昌浩记得那个地方,那是很久很久以前,自己寻找小怪时彷徨过的那片黑暗。
从那个孤单寒冷的地方,自己把孤零零的小怪带了回来。
小怪?
黑暗中,没有使用任何法术的昌浩什么都看不见。耐心地等到自己的眼睛适应了黑暗,再次向四周张望。还是找不到小怪的踪影
昌浩从被窝里爬出来,披上衣服,打开门招唤着。
小怪?喂,小怪
夜正深,一点没有天亮的迹象。本来现在已经进入了夏季,正是天亮得早的时候。那么现在大概才丑时或者寅时吧?
睡下的时候大概是亥时,所以算不上睡眠不足,可是这些天走了那么多路累坏了,自己怎么会在半夜醒来呢?
昌浩挠了挠脑袋,没有疏理的头发散落到脸颊边。让昌浩觉得有些难受。他一边把头发拢到后面,一边皱起了眉。
嗯,小怪不在啊。去哪里了呢?这家伙。
语气虽然很轻松,可昌浩的眼里却带着类似恐慌的神色。
去哪里了呢?一定会
走到走廊上,昌浩抱着膝盖蹲了下来。
一定会,回来的吧?
十二神将红莲,耷拉着肩膀一动不动地站在原地。
安倍晴明也老了,要稍微当点心了。
最后说完这句话,贵船祭神现出本相飞上了高空。
如果有人找她,她通常会飞落在这座船形岩上。但是那不代表她一直都呆在那里。灵峰贵船山整个都是她的家。而且她的本相是巨大的龙身,这里根本呆不下。
斜眼看着神消失后的船形岩,勾阵低语自语
悲剧昌浩身上,有什么要发生了?
如果高淤所说的是事实,那么已经有什么发生了。晴明的病也是其中的一环吗?
在出云时昌浩眼里的火焰。本该不知道的事情昌浩却能说中。
对此勾阵原先的猜测是这样的:轲遇突智是天津神,当然应该有昌浩所不具有的知识,或许他的已经和弑神之力一起残留在了昌浩体内。可是,对于勾阵的猜测,高龙神却给予了全部的否定。
那么那记忆到底是谁的?那火焰又是什么?
不知道的事情太多。情报又那么少,而事态却在不断地发展。难道这被动的局面已经是无法避免的吗?
叹了口气,勾阵回头看着红莲。
本该比自己高而强健的背影,此刻显得孩子般的无助。在他左肩胛骨的下方,有一道浅浅的利刃留下的伤疤。
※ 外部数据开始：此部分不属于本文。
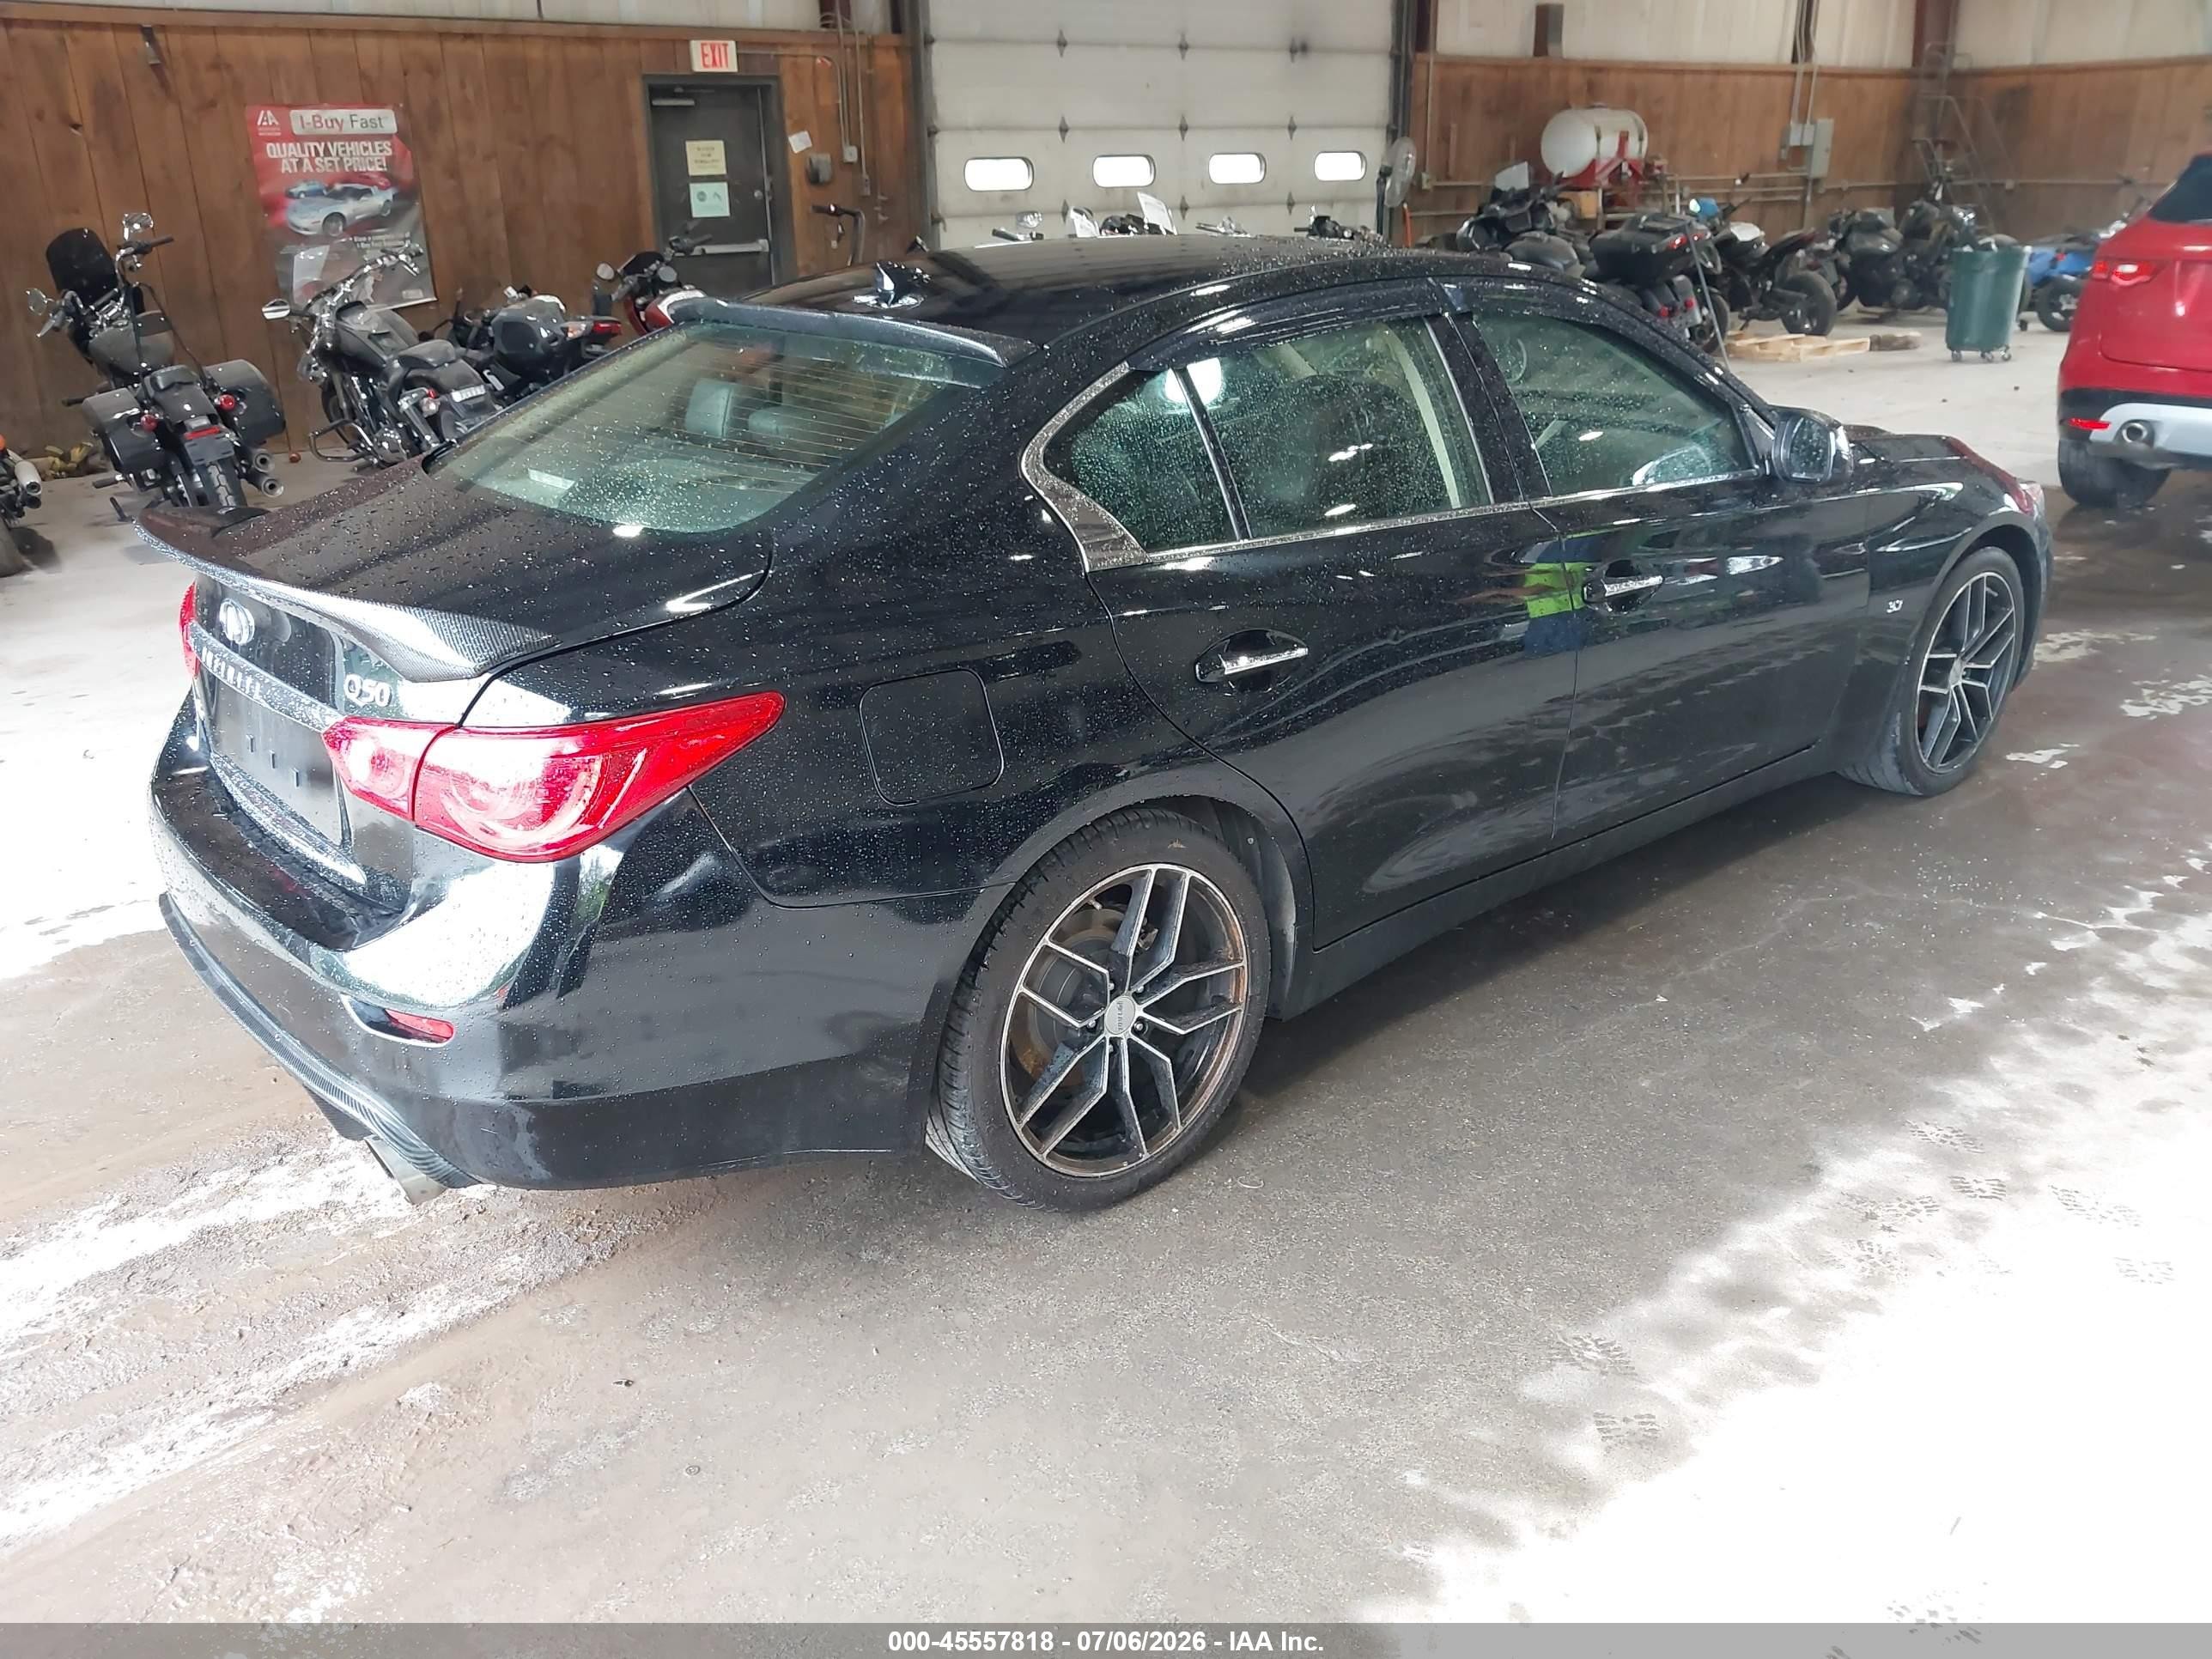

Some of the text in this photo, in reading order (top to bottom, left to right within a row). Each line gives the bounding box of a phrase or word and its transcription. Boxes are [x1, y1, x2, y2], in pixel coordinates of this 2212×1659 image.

[700, 42, 728, 69] EXIT
[300, 113, 385, 131] I-Buy Fast
[266, 140, 392, 158] QUALITY VEHICLES
[281, 156, 387, 173] AT A SET PRICE!
[343, 673, 392, 708] Q50
那是被朱雀的焰之刃刺穿时留下的伤疤。作为神的眷属,受了伤一般情况下是不会留伤疤的,但是这道伤不一样。以后即使能变浅,但是一辈子或许都不可能消失了。
不知道腾蛇是否还记得弑神之焰在体内灼烧时的痛苦?如果记得的话,或许能减轻些他心上的重负和煎熬吧。
失去的记忆最为让人痛苦。
突然,轻的好像要消失在风里一样。红莲无助的声音想起。
勾
嗯?
红莲也不回头,只将手贴在额际。
我我究竟能替他做什么呢?
昌浩说过,要做最好的阴阳师,因为和红莲约好了,一定要努力。
而为了这样的昌浩,红莲究竟能做点什么呢?
红莲对昌浩发过誓――
只有你需要,我借给你力量。为你尽心尽力,搭上生命也要保护你。
这誓言,现在仍牢牢地藏在内心最深的地方。和晴明赐给自己的至宝红莲这个名字一样,是什么都不能取代的。
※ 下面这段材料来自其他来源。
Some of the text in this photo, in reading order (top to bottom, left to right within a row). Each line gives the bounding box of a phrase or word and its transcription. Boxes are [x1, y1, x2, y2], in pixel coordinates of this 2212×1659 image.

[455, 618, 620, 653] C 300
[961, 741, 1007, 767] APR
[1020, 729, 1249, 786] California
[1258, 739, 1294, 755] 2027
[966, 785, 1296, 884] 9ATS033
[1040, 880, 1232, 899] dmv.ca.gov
缩回伸出的手,勾阵垂下了眼睑。帮助昌浩不是为了看到这样的背影的。
按照你所希望的――
轻声却郑重的回答,让红莲转过了头。
金色的双眸带着诧异注视着勾阵。她一字一句地说了下去。
昌浩做到了。所以腾蛇,你也按照你所想的去做就好如果力量不够的话――
一手放在自己胸前,勾阵断然说道
只要对我说一声
说了呢?
我帮你,不管有多大的困难。
是吗
红莲抬起头望着天。
突然意识到,活了这么多年,自己还一次都没有向同胞们请求过什么帮助。
腾蛇就是这样独立独往到了连这一点都意识不到的地步。因为独立独往在过去的腾蛇仿佛是一件理所当然的事情。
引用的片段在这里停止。